I believe the answer is both.

As a person, I feel robbed, as a man, inadequate. Those are very different dynamics. Popular culture is reductionist, and Madison Avenue groupthink creates the ideal man. He is only a modern version of the Marlboro Man and a logical next caricature. We, the infirmed, are not that guy. He is perched on a stallion, not a Segway. How do we compete with that creation? By ignoring it, I think, and believing that our world is well stocked with others who do not buy into what they see on television or read in glossy magazines.

As a person, control seems less tenuous. I understand my limitations and feel the pain. No one asked for this. Then it is time to move on, recognizing all we are and always will be, rather than bathing in disappointment. That is not so easy. But we have it in us.
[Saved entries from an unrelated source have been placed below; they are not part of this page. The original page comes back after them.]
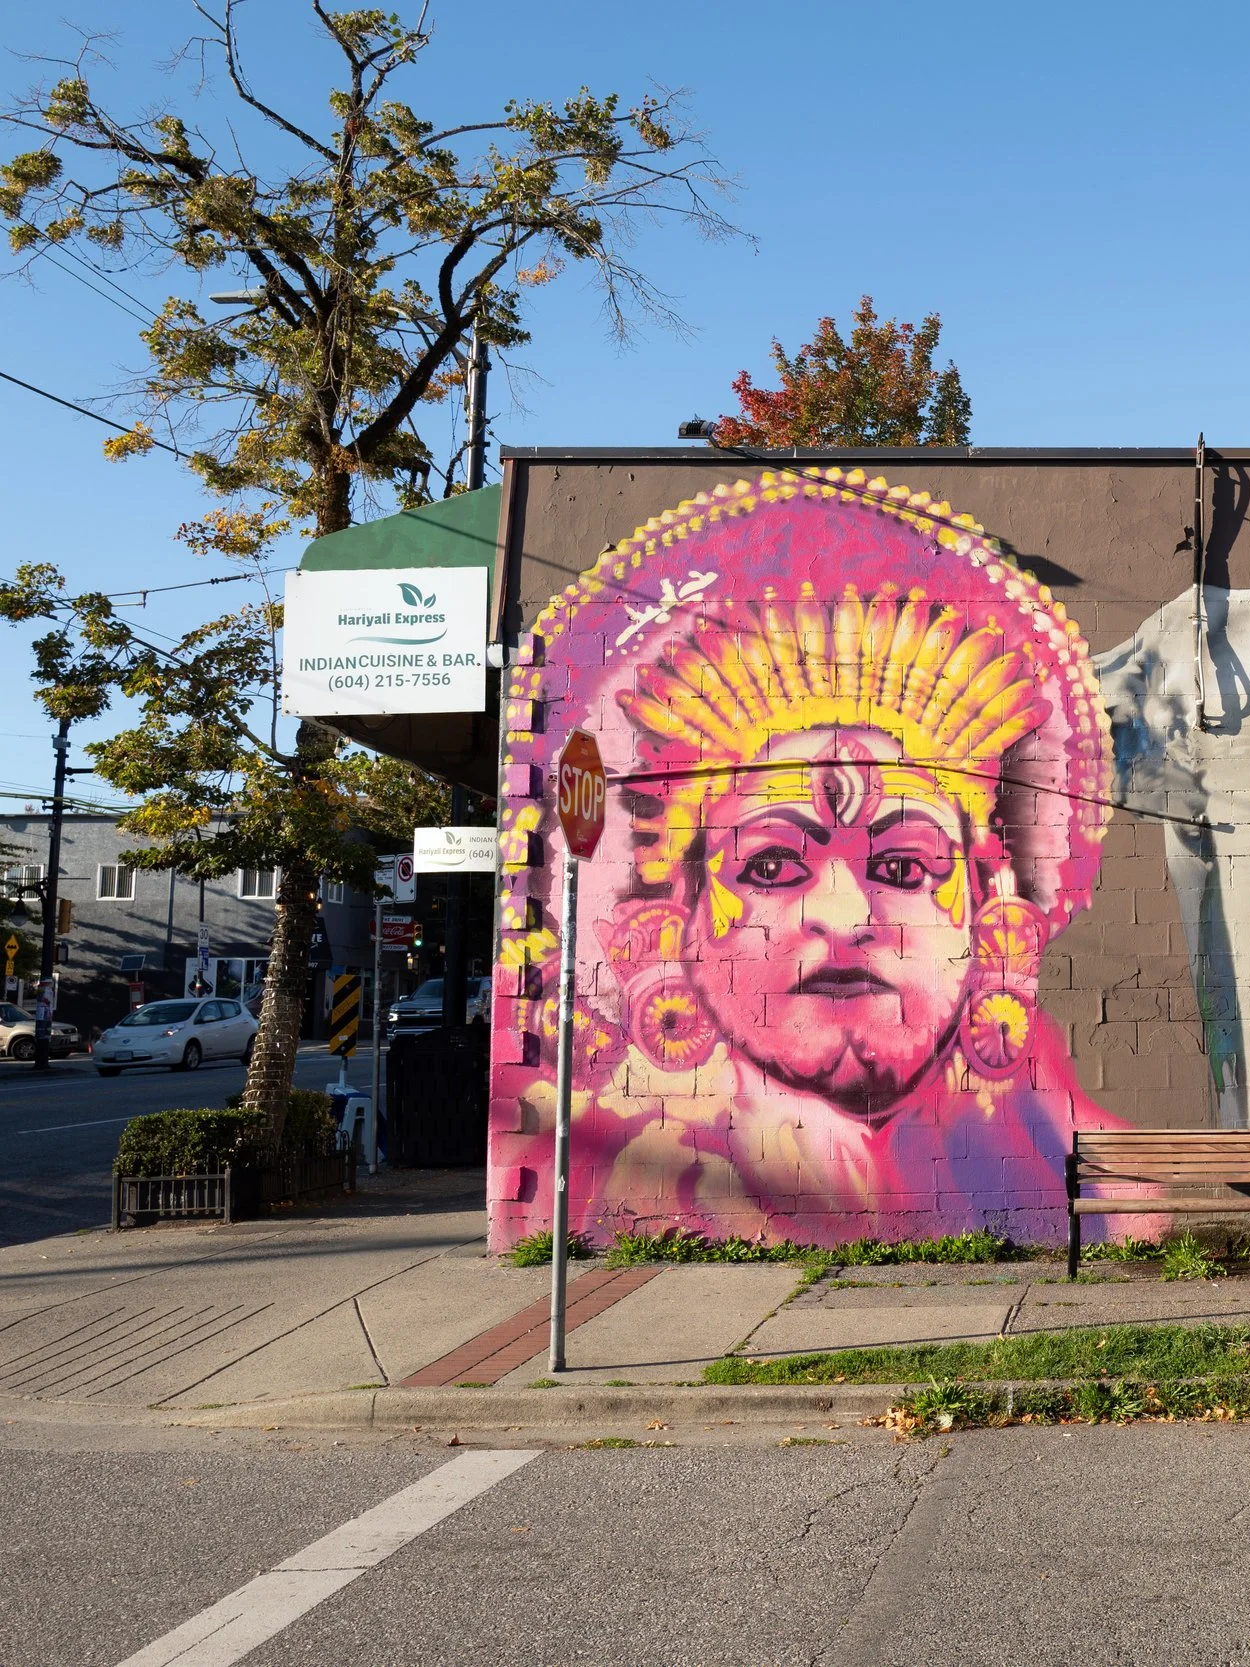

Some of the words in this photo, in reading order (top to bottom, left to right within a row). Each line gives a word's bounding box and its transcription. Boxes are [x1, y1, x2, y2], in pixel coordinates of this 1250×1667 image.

[338, 613, 391, 626] Hariyali
[395, 612, 445, 626] Express
[426, 655, 437, 667] &
[328, 675, 370, 692] (604)
[375, 672, 451, 687] 215-7556
[561, 763, 604, 822] STOP
[419, 848, 441, 856] Hariyali
[468, 849, 494, 860] (604)
I did not see the world as I do today, could not write or express myself until I was sick. I am not overwhelmed by what I can do, but I have more or less stopped mourning my losses.

We should not lose sight of the fact that we fight two simultaneous wars on parallel tracks. We battle conditions that only know attack and will not retreat. And we fight the view of us as diminished and pathetically beyond repair. Pat Buchanan used to instruct us to keep our powder dry, but we cannot shoot at common misapprehensions of sickness and assumptions about our physical flaws. We have to sell what we really can offer the world in return for open minds.